WORK REQUEST: Render every line of the data exactly as written, and leave out the pictures.

INPUT DATA:
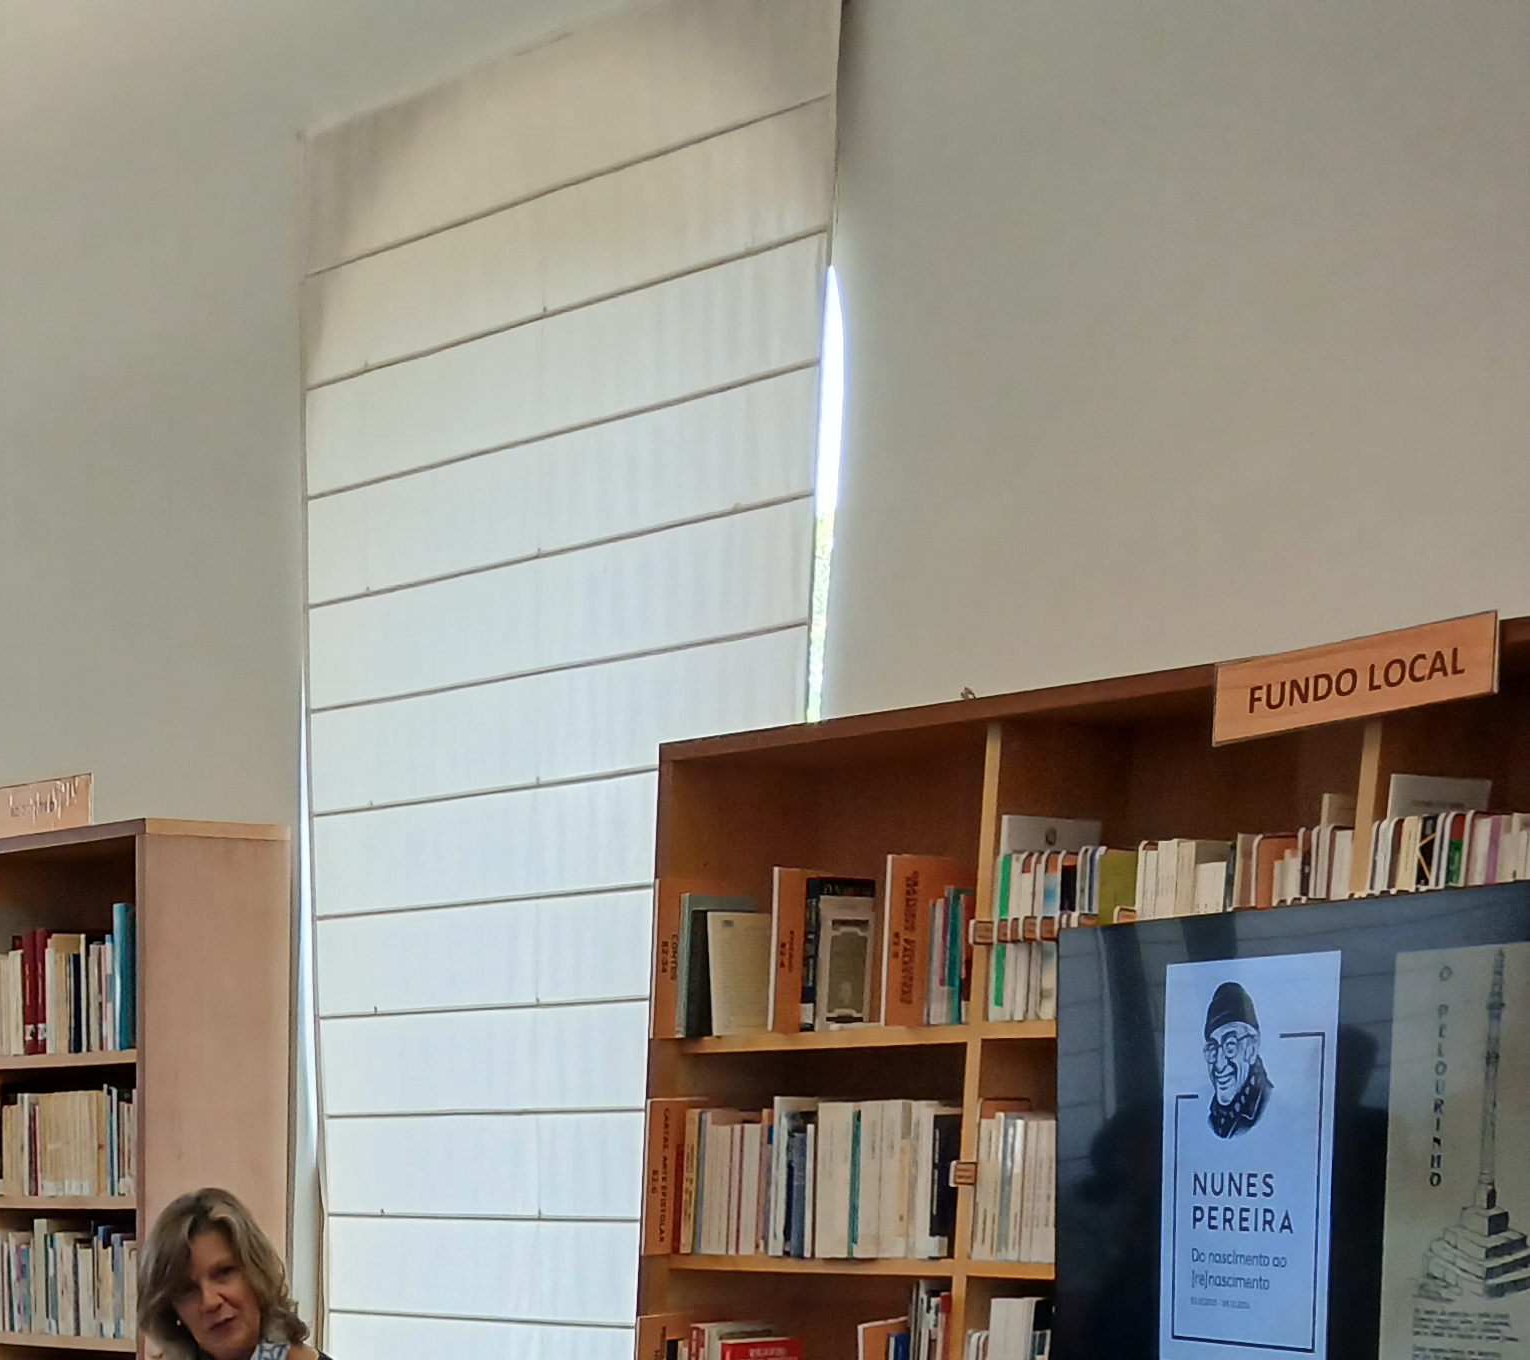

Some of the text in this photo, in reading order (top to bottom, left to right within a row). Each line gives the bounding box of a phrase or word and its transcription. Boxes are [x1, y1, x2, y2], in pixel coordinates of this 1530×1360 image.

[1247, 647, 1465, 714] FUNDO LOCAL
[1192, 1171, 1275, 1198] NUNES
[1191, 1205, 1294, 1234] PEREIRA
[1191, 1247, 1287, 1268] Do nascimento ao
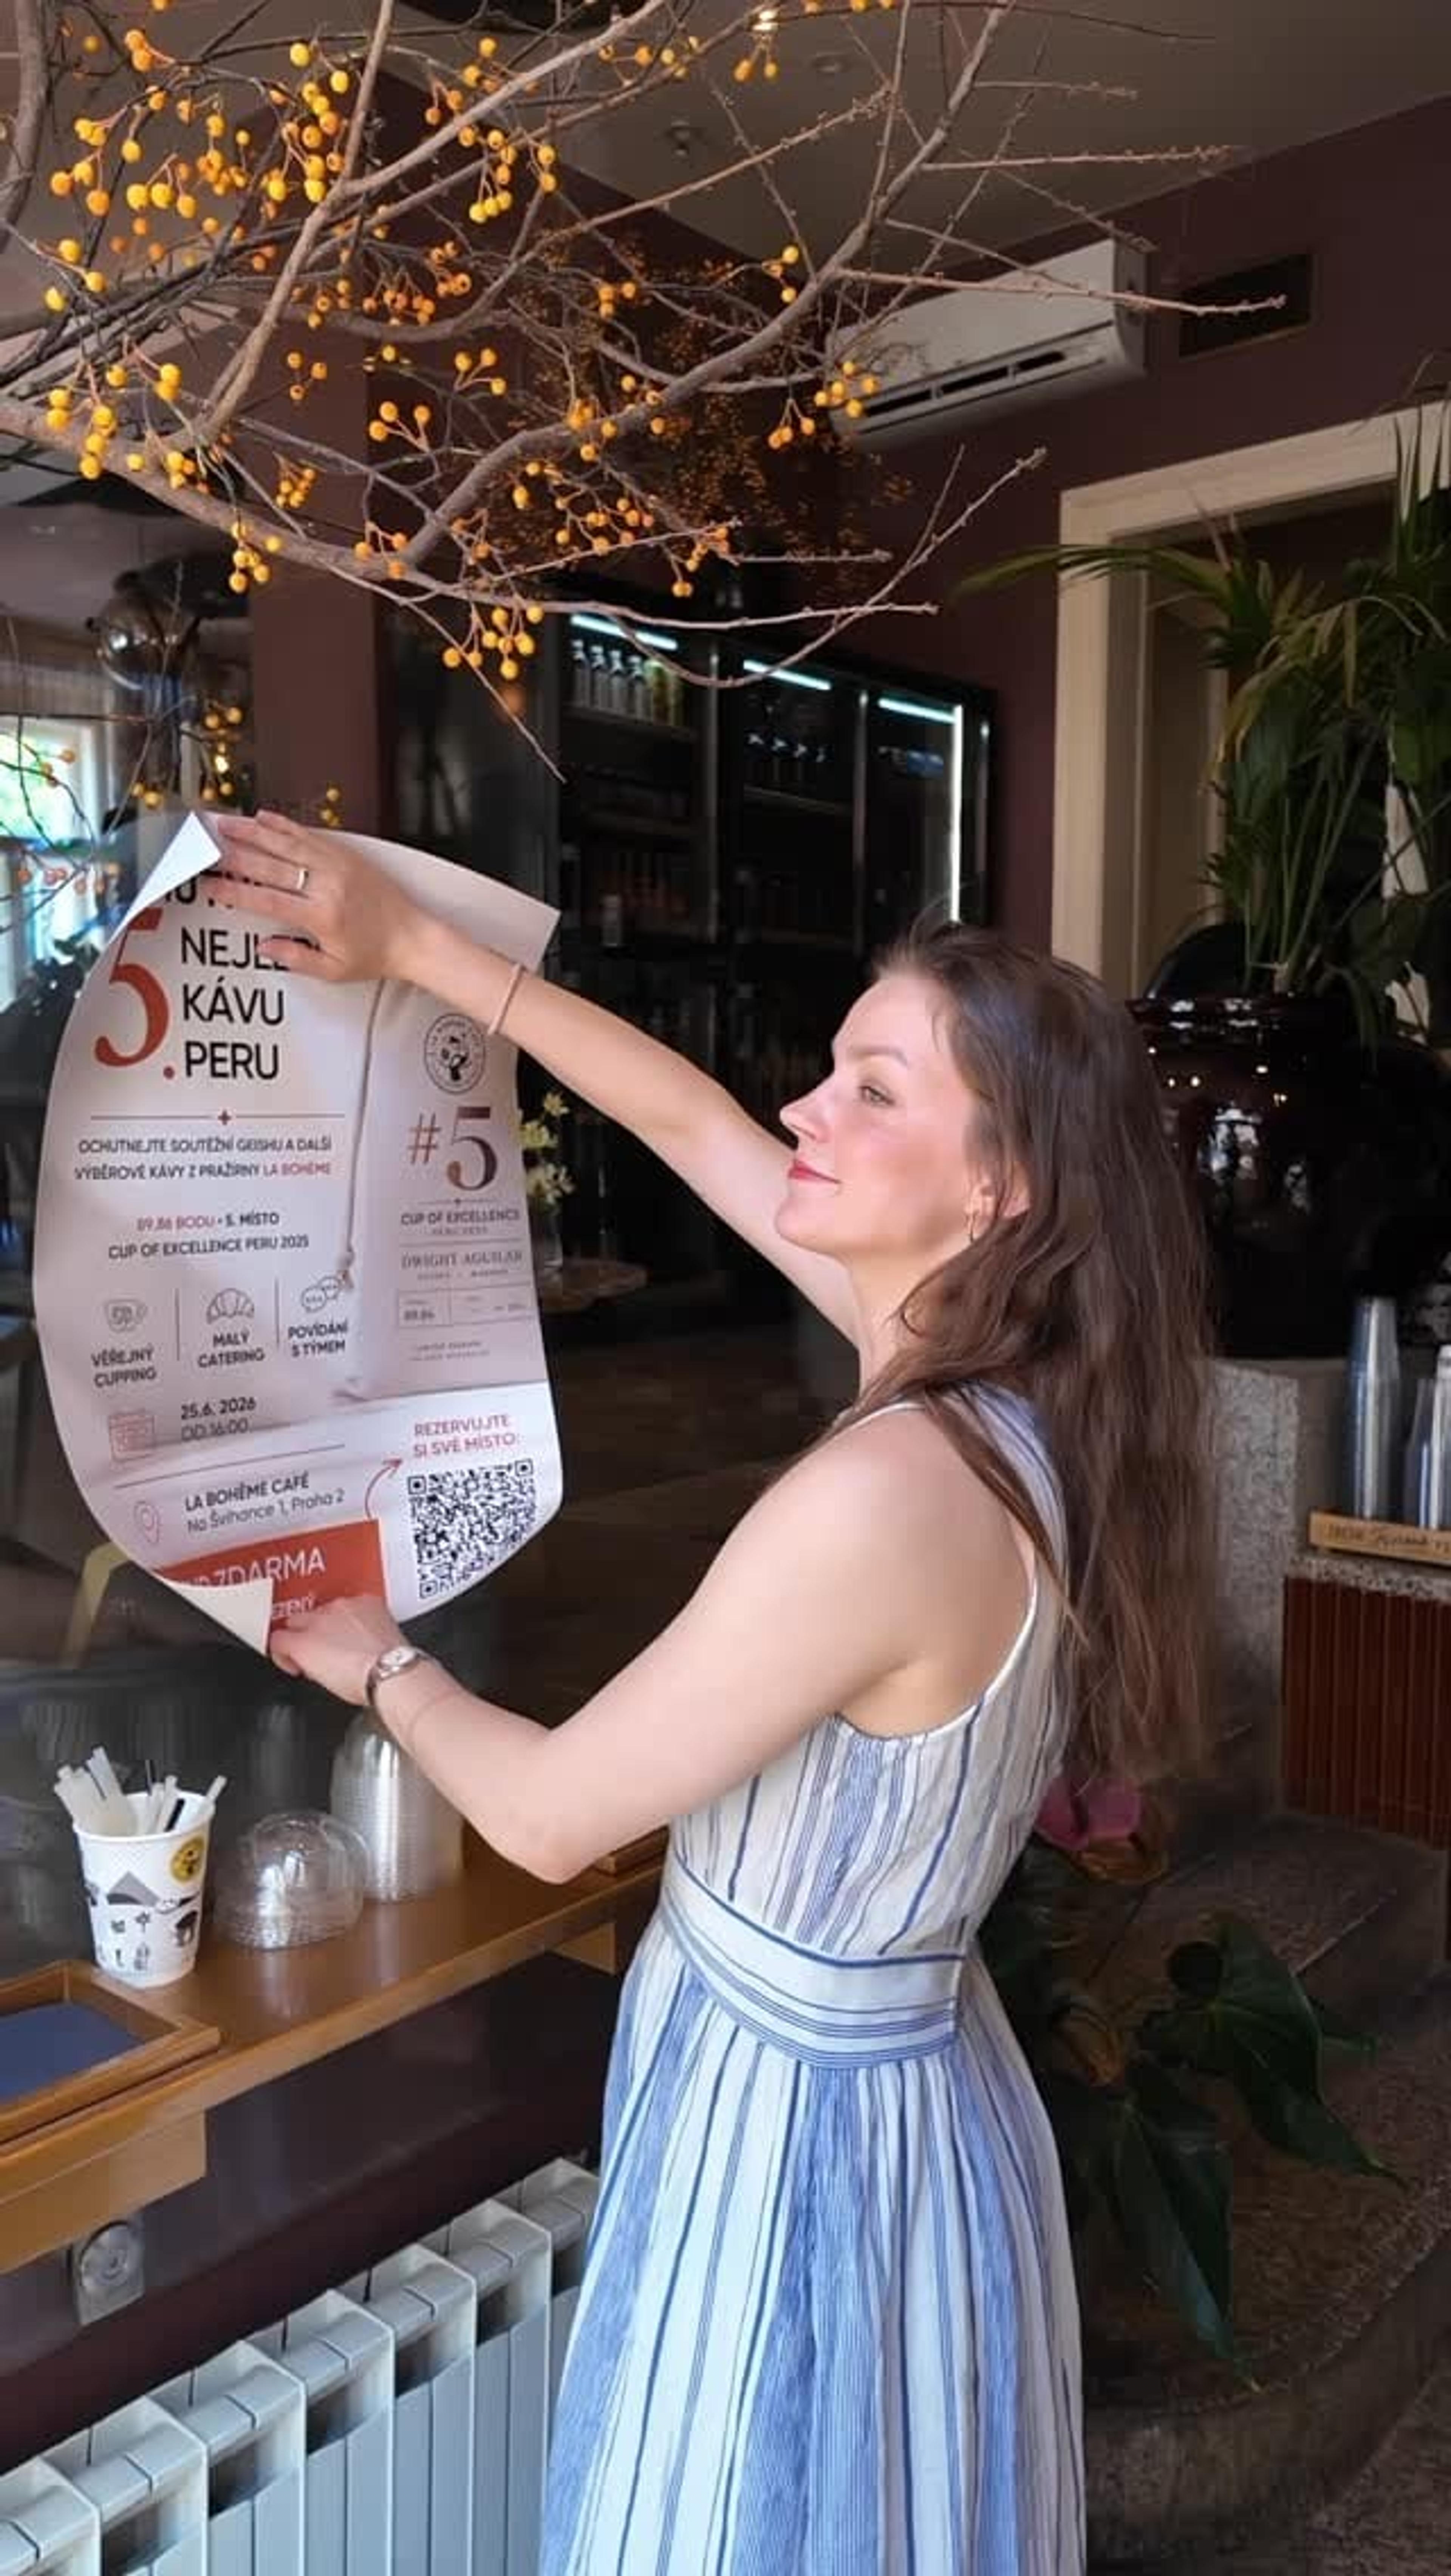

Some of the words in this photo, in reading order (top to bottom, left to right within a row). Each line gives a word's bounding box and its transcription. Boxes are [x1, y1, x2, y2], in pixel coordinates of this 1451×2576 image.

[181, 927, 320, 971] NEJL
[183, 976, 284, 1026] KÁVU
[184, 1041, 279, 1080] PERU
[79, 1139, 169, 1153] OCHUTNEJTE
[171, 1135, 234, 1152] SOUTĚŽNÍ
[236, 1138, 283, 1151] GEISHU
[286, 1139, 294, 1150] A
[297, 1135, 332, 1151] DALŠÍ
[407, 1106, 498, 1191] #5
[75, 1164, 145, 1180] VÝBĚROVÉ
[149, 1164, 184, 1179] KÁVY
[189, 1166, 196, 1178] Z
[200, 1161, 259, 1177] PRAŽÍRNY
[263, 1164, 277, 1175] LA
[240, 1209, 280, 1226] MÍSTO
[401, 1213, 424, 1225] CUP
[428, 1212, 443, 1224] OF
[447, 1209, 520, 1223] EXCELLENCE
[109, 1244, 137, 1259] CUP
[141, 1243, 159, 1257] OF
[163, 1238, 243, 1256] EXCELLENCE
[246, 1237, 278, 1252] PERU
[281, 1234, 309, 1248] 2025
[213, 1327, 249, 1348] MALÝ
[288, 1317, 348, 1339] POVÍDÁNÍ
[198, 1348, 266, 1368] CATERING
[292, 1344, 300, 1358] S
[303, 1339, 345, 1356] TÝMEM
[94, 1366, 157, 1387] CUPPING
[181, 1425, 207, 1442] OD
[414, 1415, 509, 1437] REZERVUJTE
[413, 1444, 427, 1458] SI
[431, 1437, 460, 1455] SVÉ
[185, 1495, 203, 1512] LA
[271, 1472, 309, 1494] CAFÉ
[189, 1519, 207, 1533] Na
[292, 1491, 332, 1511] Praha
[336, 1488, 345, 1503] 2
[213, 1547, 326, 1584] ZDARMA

TASK RESPONSE:
Some of the text in this photo, in reading order (top to bottom, left to right within a row). Each line gives the bounding box of a phrase or word and its transcription. Boxes are [x1, y1, x2, y2], in pixel coordinates of this 1530×1360 image.

[1247, 647, 1465, 714] FUNDO LOCAL
[1192, 1171, 1275, 1198] NUNES
[1191, 1205, 1294, 1234] PEREIRA
[1191, 1247, 1287, 1268] Do nascimento ao

Some of the words in this photo, in reading order (top to bottom, left to right within a row). Each line gives a word's bounding box and its transcription. Boxes are [x1, y1, x2, y2], in pixel coordinates of this 1451×2576 image.

[181, 927, 320, 971] NEJL
[183, 976, 284, 1026] KÁVU
[184, 1041, 279, 1080] PERU
[79, 1139, 169, 1153] OCHUTNEJTE
[171, 1135, 234, 1152] SOUTĚŽNÍ
[236, 1138, 283, 1151] GEISHU
[286, 1139, 294, 1150] A
[297, 1135, 332, 1151] DALŠÍ
[407, 1106, 498, 1191] #5
[75, 1164, 145, 1180] VÝBĚROVÉ
[149, 1164, 184, 1179] KÁVY
[189, 1166, 196, 1178] Z
[200, 1161, 259, 1177] PRAŽÍRNY
[263, 1164, 277, 1175] LA
[240, 1209, 280, 1226] MÍSTO
[401, 1213, 424, 1225] CUP
[428, 1212, 443, 1224] OF
[447, 1209, 520, 1223] EXCELLENCE
[109, 1244, 137, 1259] CUP
[141, 1243, 159, 1257] OF
[163, 1238, 243, 1256] EXCELLENCE
[246, 1237, 278, 1252] PERU
[281, 1234, 309, 1248] 2025
[213, 1327, 249, 1348] MALÝ
[288, 1317, 348, 1339] POVÍDÁNÍ
[198, 1348, 266, 1368] CATERING
[292, 1344, 300, 1358] S
[303, 1339, 345, 1356] TÝMEM
[94, 1366, 157, 1387] CUPPING
[181, 1425, 207, 1442] OD
[414, 1415, 509, 1437] REZERVUJTE
[413, 1444, 427, 1458] SI
[431, 1437, 460, 1455] SVÉ
[185, 1495, 203, 1512] LA
[271, 1472, 309, 1494] CAFÉ
[189, 1519, 207, 1533] Na
[292, 1491, 332, 1511] Praha
[336, 1488, 345, 1503] 2
[213, 1547, 326, 1584] ZDARMA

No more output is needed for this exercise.